YOUR OBJECTIVE: Set down without change every line from the line that contains "this 1280×1280 image." through the end of the listing, and only those lines. No pictures.

EXTRACTED MATERIAL:
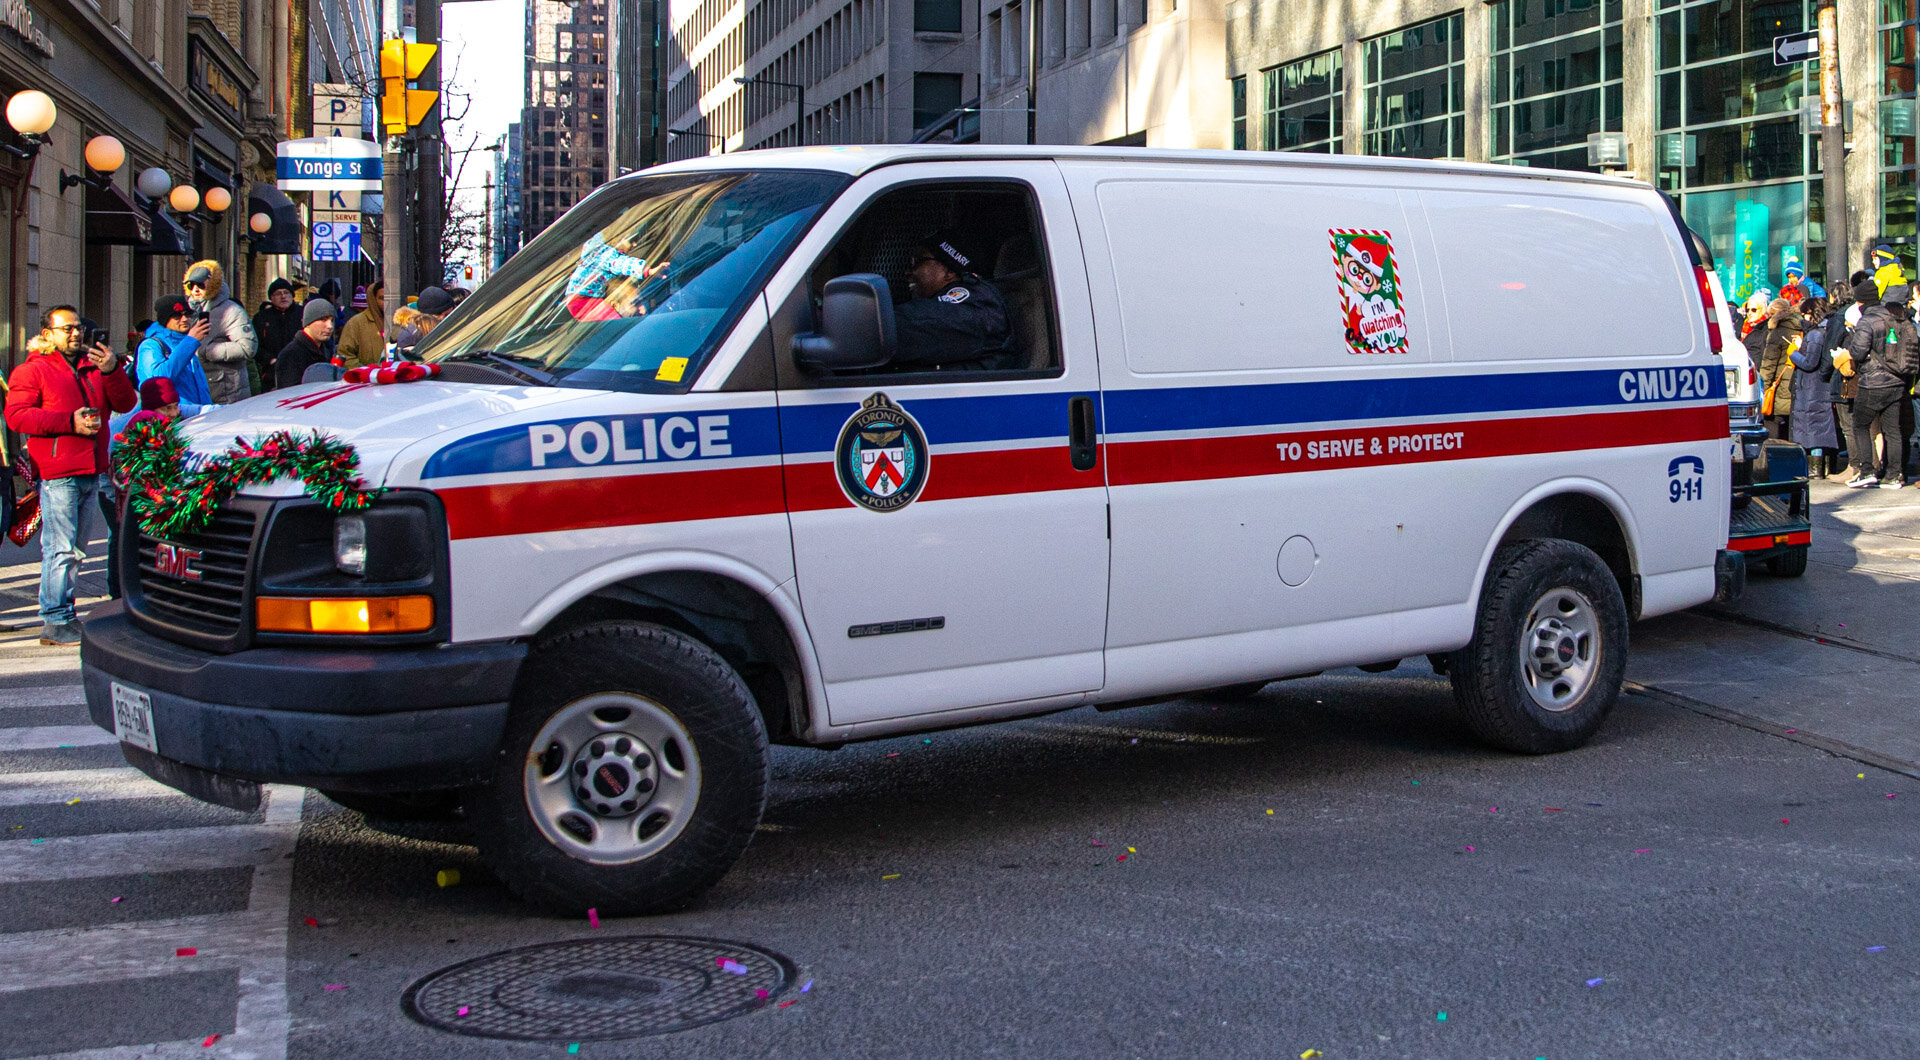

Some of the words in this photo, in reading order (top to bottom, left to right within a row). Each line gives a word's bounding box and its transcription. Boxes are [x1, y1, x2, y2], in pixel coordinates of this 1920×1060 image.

[294, 159, 343, 178] Yonge
[349, 162, 362, 175] St
[940, 241, 970, 266] AUXILIARY
[1371, 301, 1386, 316] I'M
[1376, 330, 1397, 347] YOU
[1618, 367, 1709, 401] CMU20
[855, 411, 905, 427] TORONTO
[528, 414, 732, 467] POLICE
[1276, 442, 1302, 461] TO
[1307, 438, 1365, 459] SERVE
[1370, 437, 1383, 455] &
[1387, 432, 1464, 454] PROTECT
[868, 496, 904, 508] POLICE
[155, 543, 203, 580] GMC
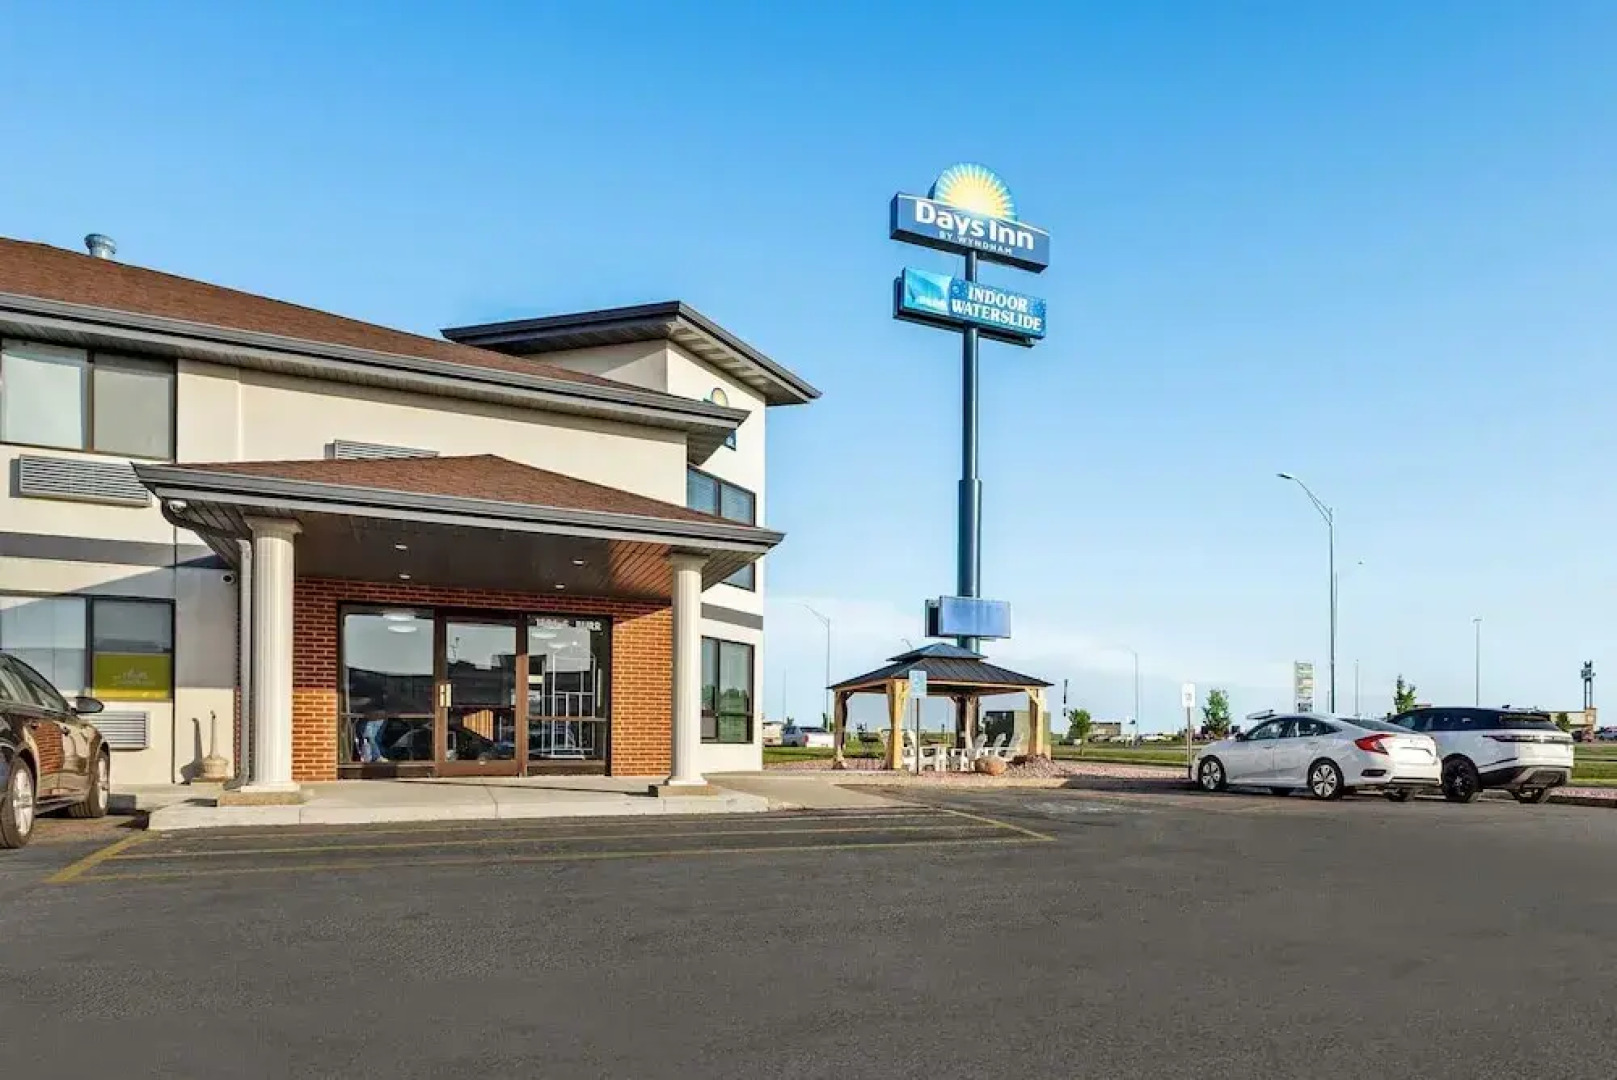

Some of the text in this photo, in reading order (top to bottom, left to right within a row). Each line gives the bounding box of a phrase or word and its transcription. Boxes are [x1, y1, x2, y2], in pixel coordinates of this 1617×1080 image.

[915, 200, 1035, 250] Days Inn
[938, 230, 1013, 255] BY WYNDHAM
[968, 285, 1028, 313] INDOOR
[951, 298, 1042, 331] WATERSLIDE
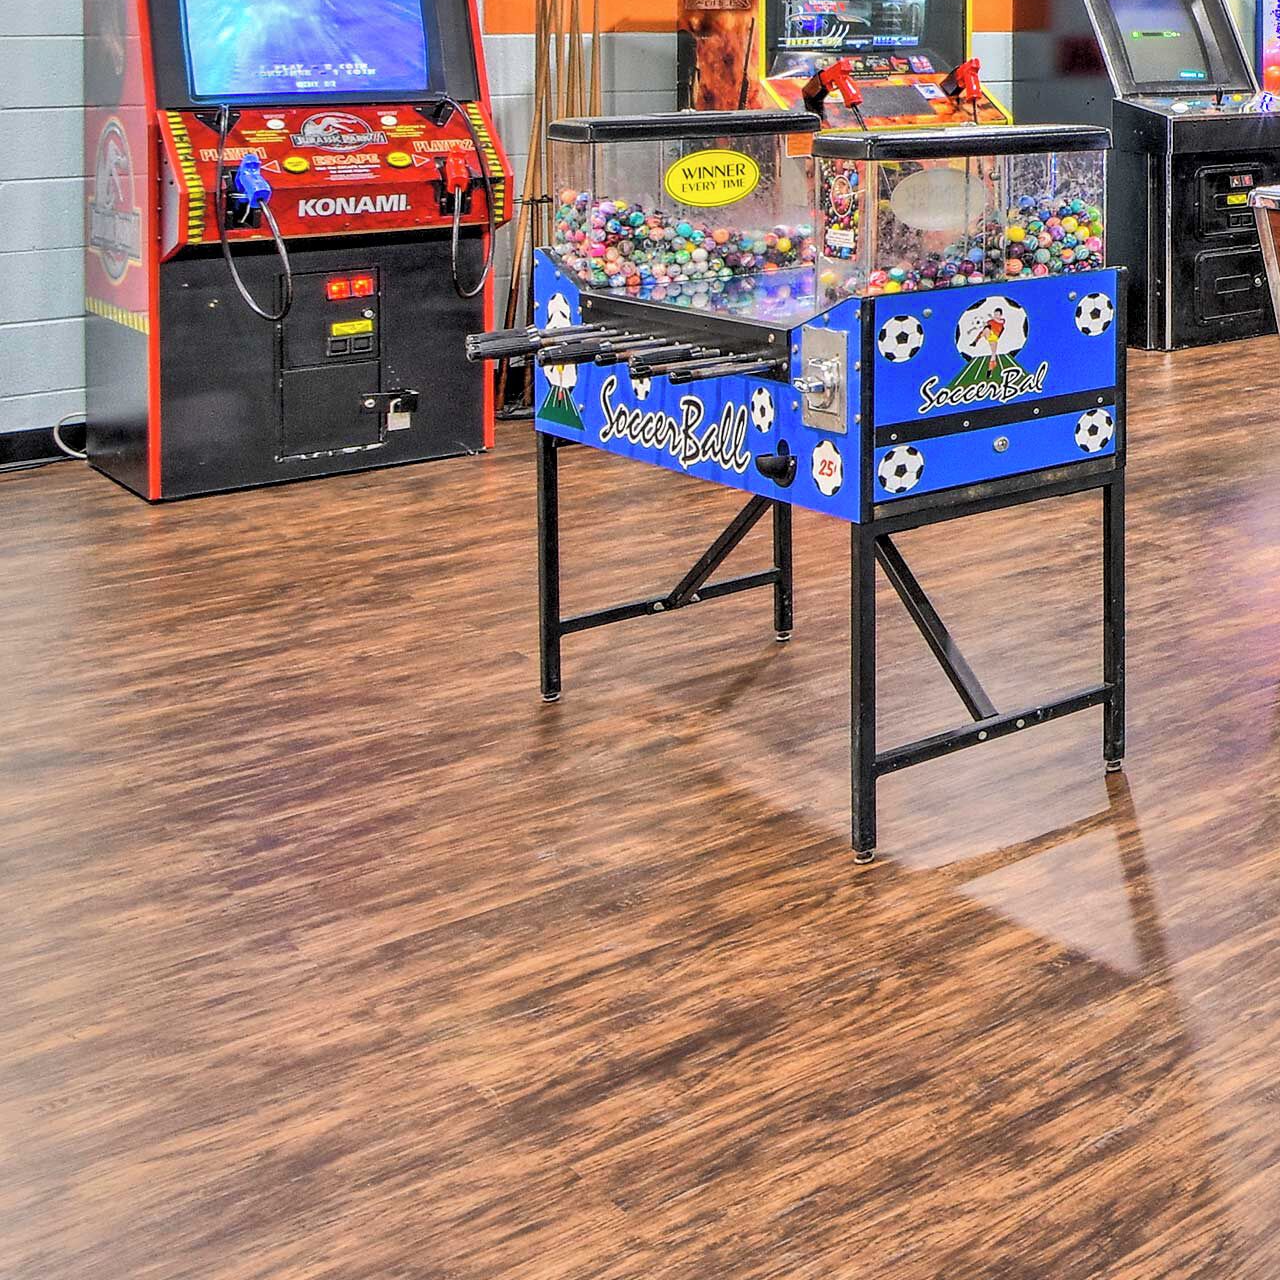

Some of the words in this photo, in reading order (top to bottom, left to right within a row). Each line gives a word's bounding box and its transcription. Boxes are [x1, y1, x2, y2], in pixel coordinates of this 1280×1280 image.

[312, 153, 381, 167] ESCAPE
[681, 162, 746, 180] WINNER
[681, 181, 717, 193] EVERY
[722, 178, 744, 189] TIME
[298, 194, 409, 218] KONAMI
[600, 375, 751, 474] SoccerBall
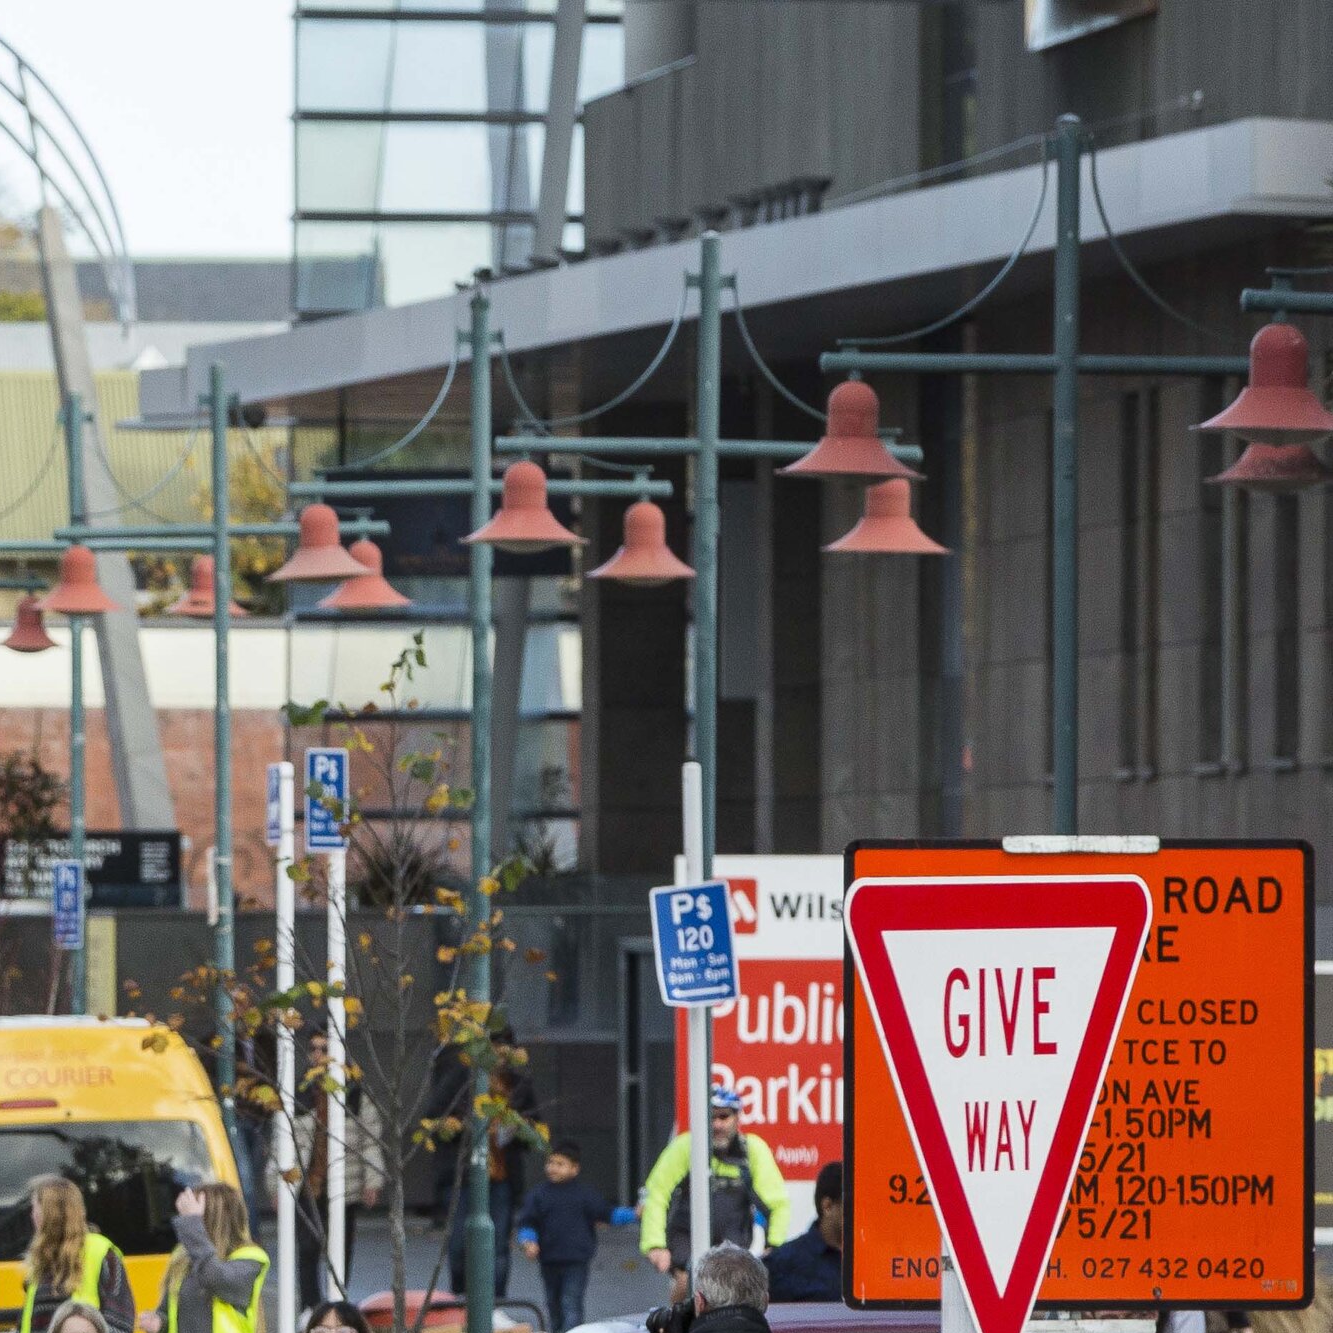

RESULT OF THIS EXERCISE:
Some of the words in this photo, in reading order (top to bottom, left to right within a row). Each line gives a word's bounding box and its transcription. Boxes are [x1, y1, x2, y2], in pixel coordinates of this 1280×1280 image.

[312, 153, 381, 167] ESCAPE
[681, 162, 746, 180] WINNER
[681, 181, 717, 193] EVERY
[722, 178, 744, 189] TIME
[298, 194, 409, 218] KONAMI
[600, 375, 751, 474] SoccerBall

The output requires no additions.